Brown tumors are rare non-neoplastic bone lesions associated with hyperparathyroidism. They are uncommon in the jaws and are usually linked to primary or secondary hyperparathyroidism, while tertiary hyperparathyroidism is rarely reported, particularly in normocalcemic patients. This report aims to present a mandibular brown tumor in a patient with long-standing renal disease and normocalcemia, and to discuss the diagnostic challenges between secondary and tertiary hyperparathyroidism.

Case presentation

A 41-year-old male on chronic hemodialysis with a history of parathyroidectomy presented with mobility of the mandibular second molar and vestibular swelling. Imaging revealed a radiolucent mandibular lesion, while histology showed multinucleated giant cells in a fibrous stroma consistent with a brown tumor. Biochemistry demonstrated persistently elevated parathyroid hormone (4868 pg/ml) with normocalcemia and hyperphosphatemia. Whole-body bone scintigraphy showed diffuse skeletal uptake, and 18 F-fluorocholine PET-CT revealed parathyroid adenomas. The patient underwent a second parathyroidectomy with partial reduction of PTH levels, followed by calcimimetic therapy.

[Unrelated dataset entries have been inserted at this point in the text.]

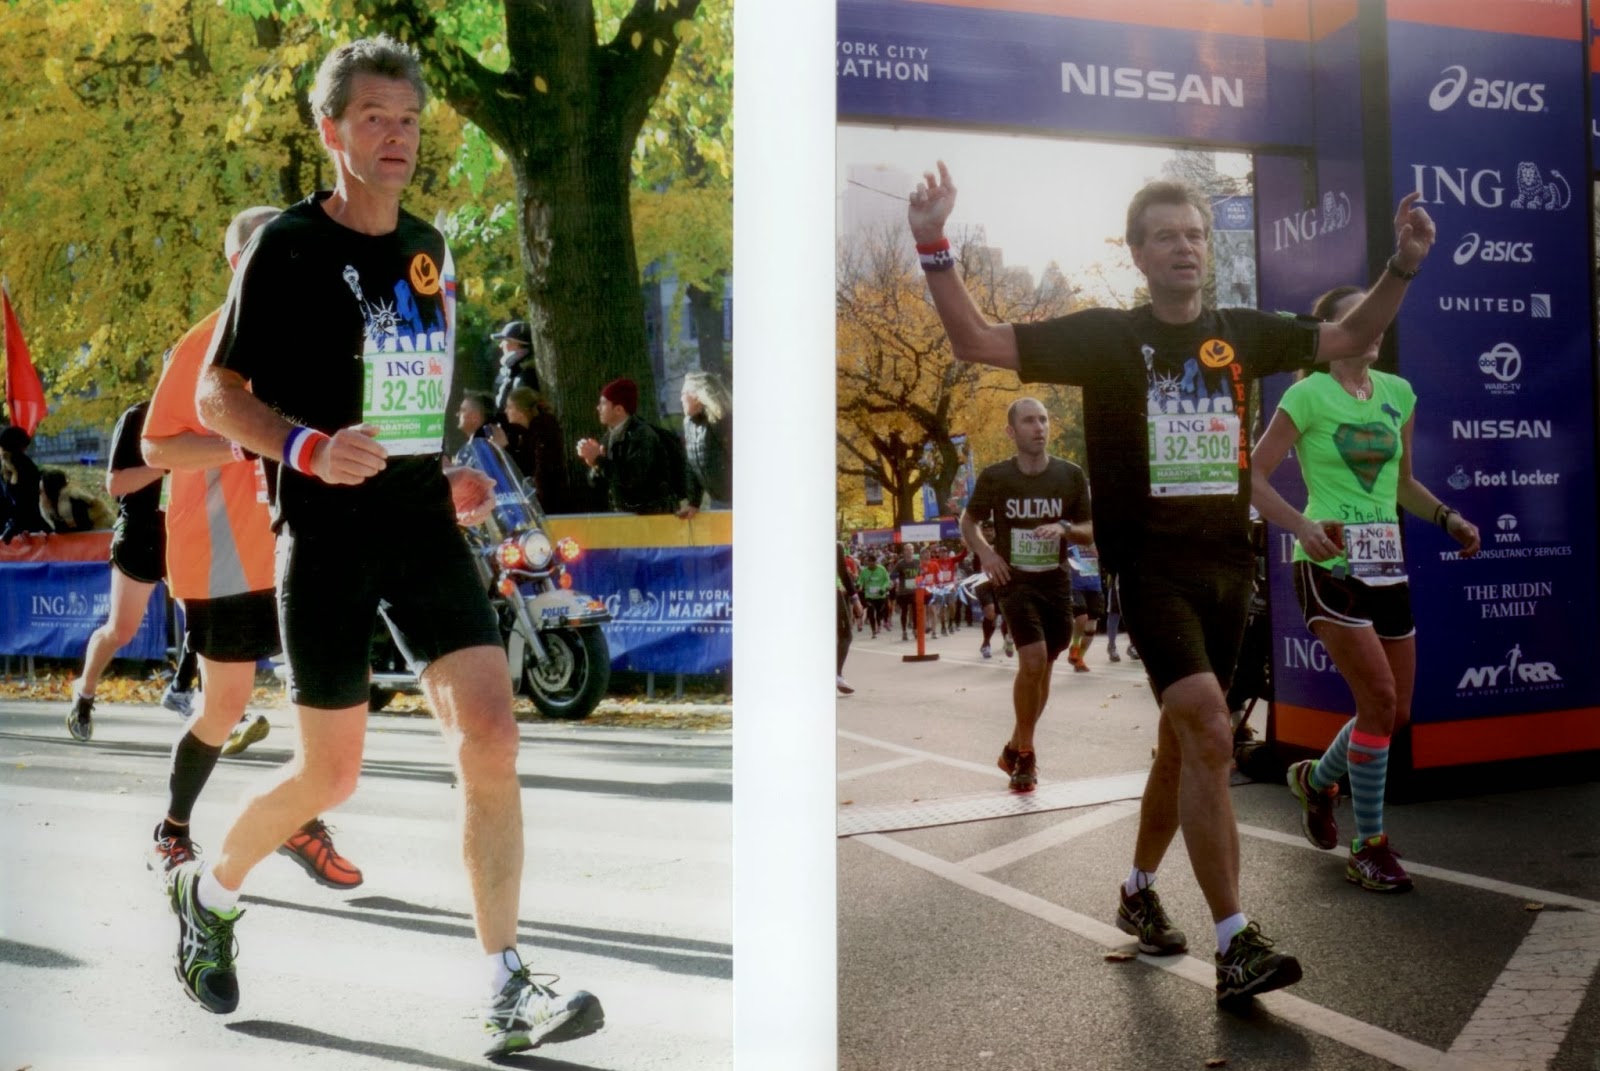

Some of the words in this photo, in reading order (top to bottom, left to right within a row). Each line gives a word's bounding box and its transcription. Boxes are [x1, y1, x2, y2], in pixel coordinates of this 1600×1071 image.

[887, 45, 929, 60] CITY
[1061, 62, 1244, 108] NISSAN
[1468, 78, 1546, 112] asics
[1411, 164, 1506, 208] ING
[1274, 208, 1318, 252] ING
[1480, 240, 1534, 263] asics
[1439, 296, 1525, 313] UNITED
[387, 360, 425, 377] ING
[1484, 382, 1522, 391] WABC-TV
[1168, 419, 1205, 433] ING
[1453, 420, 1552, 439] NISSAN
[1164, 435, 1231, 461] 32-509
[1474, 470, 1507, 486] Foot
[1512, 469, 1560, 486] Locker
[1006, 498, 1063, 519] SULTAN
[1360, 528, 1383, 539] ING
[1495, 533, 1521, 543] TATA
[1019, 540, 1055, 554] 50-787
[1440, 551, 1468, 561] TAT
[1534, 546, 1572, 557] SERVICES
[669, 590, 694, 602] NEW
[699, 589, 730, 602] YORK
[1464, 584, 1500, 601] THE
[1502, 582, 1553, 600] RUDIN
[32, 595, 65, 616] ING
[541, 606, 570, 618] POLICE
[1481, 601, 1538, 619] FAMILY
[1284, 636, 1328, 672] ING

The mandibular lesion showed signs of regression at follow-up, although parathormone levels remained inappropriately high.

Conclusion

This case highlights the diagnostic ambiguity between refractory secondary and normocalcemic tertiary hyperparathyroidism in dialysis patients. It underscores the importance of considering hyperparathyroidism in the differential diagnosis of jaw giant cell lesions, the need for multidisciplinary management, and the lack of clear surgical criteria in normocalcemic cases.